Long Non-coding RNA XIST Impedes LPS-induced AC16 Cell Inflammation and Apoptosis through Down-regulating miR-370-3p and Regulating PI3K/AKT/mTOR Pathways.

ABSTRACT

BACKGROUND/PURPOSE: Myocarditis is a severe disorder characterized by the inflammation of the heart's muscular walls, thereby leading to sudden death in young adults. Long non-coding RNA X-inactive specific transcripts (LncRNA XIST) are a class of transcripts having a length ˃ 200 nts with the absence of protein-coding abilities. They exert their function of apoptosis in various cancers and inflammatory diseases. OBJECTIVE: The current work intended to investigate the impact and mechanism of XIST on inflammation induced by LPS in AC16 cells. METHODS: An in vitro inflammatory injury model was established by stimulating AC16 cells with LPS. CCK-8 was used to test AC16 cell viability and FCM to detect apoptosis. The Elisa assay was used to measure the level of IL-8, IL-1ß, and TNF-α. The RT-qPCR was used to detect XIST, miR-370-3p, Bax, and Bcl-2 in LPS-stimulated AC16 cells. The Elisa assay was performed to assess the phosphorylation of PI3K, AKT and mTOR in AC16 cells. RESULTS: Our findings showed LPS exposure to significantly reduce AC16 cell viability while increasing inflammation and apoptosis. Also, XIST expression was reduced in AC16 cells stimulated with LPS. Overexpression of XIST in AC16 cells increased cell survival, inhibited apoptosis, and increased the expressions of Bcl-2, Bax, and inflammatory modulators (IL-8, TNF-α, and IL-1ß).
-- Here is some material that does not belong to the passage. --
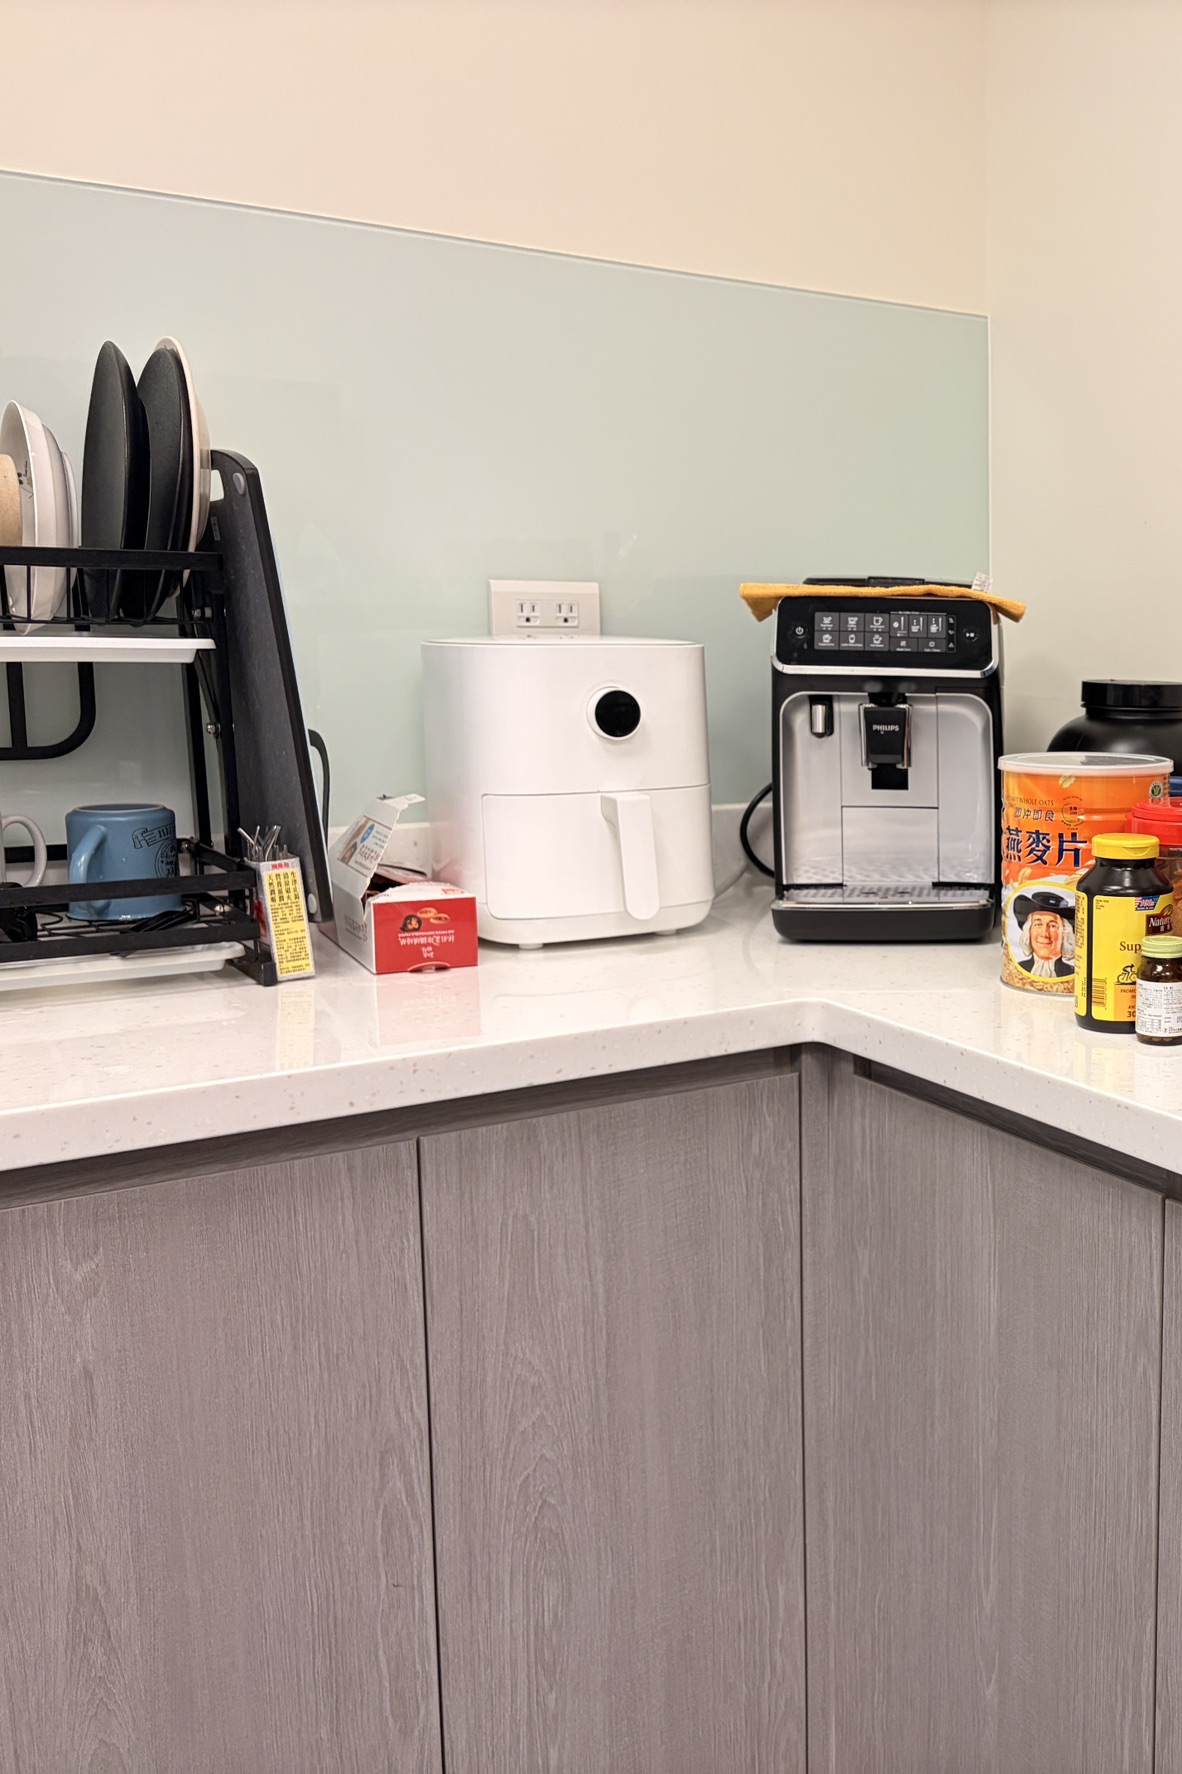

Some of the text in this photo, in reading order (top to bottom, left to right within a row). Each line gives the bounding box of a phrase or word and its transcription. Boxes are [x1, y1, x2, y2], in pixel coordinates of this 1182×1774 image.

Inhibiting XIST in AC16 cells produced opposite outcomes. MiR-370-3p mimics inhibited XIST's effect on inflammation, viability, and apoptosis. Moreover, XIST inhibited the phosphorylation levels of mTOR, AKT, and PI3K in LPS-injured AC16 cells. CONCLUSION: The data elucidate lncRNA XIST to exert its anti-inflammatory and anti-apoptotic effects on AC16 cells stimulated by LPS via down-regulating miR-370-3p and inhibiting PI3K/AKT/mTOR pathways. These findings suggest a novel treatment strategy for myocarditis.